▸ **Work instructions**
The entries follow. Please return all of them exactly.

▸ **Dataset records**
• • •
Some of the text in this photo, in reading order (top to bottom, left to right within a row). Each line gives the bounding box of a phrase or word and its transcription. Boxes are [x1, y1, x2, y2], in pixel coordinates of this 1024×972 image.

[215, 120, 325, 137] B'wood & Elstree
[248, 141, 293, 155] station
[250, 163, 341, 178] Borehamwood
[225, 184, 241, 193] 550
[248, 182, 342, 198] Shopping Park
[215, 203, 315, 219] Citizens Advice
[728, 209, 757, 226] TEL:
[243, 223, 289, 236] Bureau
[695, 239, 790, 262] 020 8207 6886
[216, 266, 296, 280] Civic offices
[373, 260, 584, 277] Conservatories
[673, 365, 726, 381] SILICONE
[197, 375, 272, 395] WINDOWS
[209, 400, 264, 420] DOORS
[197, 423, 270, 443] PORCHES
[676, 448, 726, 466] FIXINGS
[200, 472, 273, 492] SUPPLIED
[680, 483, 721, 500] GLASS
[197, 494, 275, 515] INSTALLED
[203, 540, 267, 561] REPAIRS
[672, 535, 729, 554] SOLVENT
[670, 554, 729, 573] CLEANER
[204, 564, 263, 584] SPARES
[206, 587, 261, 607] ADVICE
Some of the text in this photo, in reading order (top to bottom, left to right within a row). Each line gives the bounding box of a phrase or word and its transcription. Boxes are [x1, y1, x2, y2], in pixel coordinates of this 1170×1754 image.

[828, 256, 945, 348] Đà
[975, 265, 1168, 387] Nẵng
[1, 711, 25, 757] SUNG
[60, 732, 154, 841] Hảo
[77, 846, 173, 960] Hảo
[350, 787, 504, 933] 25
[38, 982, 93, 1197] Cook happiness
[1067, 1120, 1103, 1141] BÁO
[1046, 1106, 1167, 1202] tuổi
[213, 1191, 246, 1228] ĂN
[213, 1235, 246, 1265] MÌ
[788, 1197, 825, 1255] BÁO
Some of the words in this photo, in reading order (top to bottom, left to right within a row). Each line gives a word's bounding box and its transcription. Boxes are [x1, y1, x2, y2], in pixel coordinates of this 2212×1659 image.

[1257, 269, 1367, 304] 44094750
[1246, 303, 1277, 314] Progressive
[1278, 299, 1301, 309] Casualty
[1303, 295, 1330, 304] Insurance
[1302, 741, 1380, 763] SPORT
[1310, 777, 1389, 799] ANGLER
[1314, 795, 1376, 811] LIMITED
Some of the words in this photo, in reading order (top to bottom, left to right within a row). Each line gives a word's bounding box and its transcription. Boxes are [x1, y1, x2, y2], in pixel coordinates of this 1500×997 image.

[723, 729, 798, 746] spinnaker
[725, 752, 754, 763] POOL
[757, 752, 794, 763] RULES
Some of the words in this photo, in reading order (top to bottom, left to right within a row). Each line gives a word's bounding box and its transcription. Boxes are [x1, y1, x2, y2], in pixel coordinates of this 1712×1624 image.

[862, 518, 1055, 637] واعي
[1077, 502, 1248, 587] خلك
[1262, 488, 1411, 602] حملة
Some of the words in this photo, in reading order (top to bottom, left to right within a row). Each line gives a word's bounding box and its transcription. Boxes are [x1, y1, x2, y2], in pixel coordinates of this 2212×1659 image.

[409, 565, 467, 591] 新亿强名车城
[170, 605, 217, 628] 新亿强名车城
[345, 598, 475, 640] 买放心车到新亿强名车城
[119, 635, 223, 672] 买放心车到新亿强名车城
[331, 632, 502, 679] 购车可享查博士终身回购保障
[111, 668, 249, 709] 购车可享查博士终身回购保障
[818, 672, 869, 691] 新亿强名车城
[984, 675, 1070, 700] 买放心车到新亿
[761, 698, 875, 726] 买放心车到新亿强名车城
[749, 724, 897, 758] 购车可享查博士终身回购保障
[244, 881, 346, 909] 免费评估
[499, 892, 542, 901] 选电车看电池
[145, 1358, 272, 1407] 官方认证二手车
• • •
▸ **Solution**
Some of the text in this photo, in reading order (top to bottom, left to right within a row). Each line gives the bounding box of a phrase or word and its transcription. Boxes are [x1, y1, x2, y2], in pixel coordinates of this 1024×972 image.

[215, 120, 325, 137] B'wood & Elstree
[248, 141, 293, 155] station
[250, 163, 341, 178] Borehamwood
[225, 184, 241, 193] 550
[248, 182, 342, 198] Shopping Park
[215, 203, 315, 219] Citizens Advice
[728, 209, 757, 226] TEL:
[243, 223, 289, 236] Bureau
[695, 239, 790, 262] 020 8207 6886
[216, 266, 296, 280] Civic offices
[373, 260, 584, 277] Conservatories
[673, 365, 726, 381] SILICONE
[197, 375, 272, 395] WINDOWS
[209, 400, 264, 420] DOORS
[197, 423, 270, 443] PORCHES
[676, 448, 726, 466] FIXINGS
[200, 472, 273, 492] SUPPLIED
[680, 483, 721, 500] GLASS
[197, 494, 275, 515] INSTALLED
[203, 540, 267, 561] REPAIRS
[672, 535, 729, 554] SOLVENT
[670, 554, 729, 573] CLEANER
[204, 564, 263, 584] SPARES
[206, 587, 261, 607] ADVICE
Some of the text in this photo, in reading order (top to bottom, left to right within a row). Each line gives the bounding box of a phrase or word and its transcription. Boxes are [x1, y1, x2, y2], in pixel coordinates of this 1170×1754 image.

[828, 256, 945, 348] Đà
[975, 265, 1168, 387] Nẵng
[1, 711, 25, 757] SUNG
[60, 732, 154, 841] Hảo
[77, 846, 173, 960] Hảo
[350, 787, 504, 933] 25
[38, 982, 93, 1197] Cook happiness
[1067, 1120, 1103, 1141] BÁO
[1046, 1106, 1167, 1202] tuổi
[213, 1191, 246, 1228] ĂN
[213, 1235, 246, 1265] MÌ
[788, 1197, 825, 1255] BÁO
Some of the words in this photo, in reading order (top to bottom, left to right within a row). Each line gives a word's bounding box and its transcription. Boxes are [x1, y1, x2, y2], in pixel coordinates of this 2212×1659 image.

[1257, 269, 1367, 304] 44094750
[1246, 303, 1277, 314] Progressive
[1278, 299, 1301, 309] Casualty
[1303, 295, 1330, 304] Insurance
[1302, 741, 1380, 763] SPORT
[1310, 777, 1389, 799] ANGLER
[1314, 795, 1376, 811] LIMITED
Some of the words in this photo, in reading order (top to bottom, left to right within a row). Each line gives a word's bounding box and its transcription. Boxes are [x1, y1, x2, y2], in pixel coordinates of this 1500×997 image.

[723, 729, 798, 746] spinnaker
[725, 752, 754, 763] POOL
[757, 752, 794, 763] RULES
Some of the words in this photo, in reading order (top to bottom, left to right within a row). Each line gives a word's bounding box and its transcription. Boxes are [x1, y1, x2, y2], in pixel coordinates of this 1712×1624 image.

[862, 518, 1055, 637] واعي
[1077, 502, 1248, 587] خلك
[1262, 488, 1411, 602] حملة
Some of the words in this photo, in reading order (top to bottom, left to right within a row). Each line gives a word's bounding box and its transcription. Boxes are [x1, y1, x2, y2], in pixel coordinates of this 2212×1659 image.

[409, 565, 467, 591] 新亿强名车城
[170, 605, 217, 628] 新亿强名车城
[345, 598, 475, 640] 买放心车到新亿强名车城
[119, 635, 223, 672] 买放心车到新亿强名车城
[331, 632, 502, 679] 购车可享查博士终身回购保障
[111, 668, 249, 709] 购车可享查博士终身回购保障
[818, 672, 869, 691] 新亿强名车城
[984, 675, 1070, 700] 买放心车到新亿
[761, 698, 875, 726] 买放心车到新亿强名车城
[749, 724, 897, 758] 购车可享查博士终身回购保障
[244, 881, 346, 909] 免费评估
[499, 892, 542, 901] 选电车看电池
[145, 1358, 272, 1407] 官方认证二手车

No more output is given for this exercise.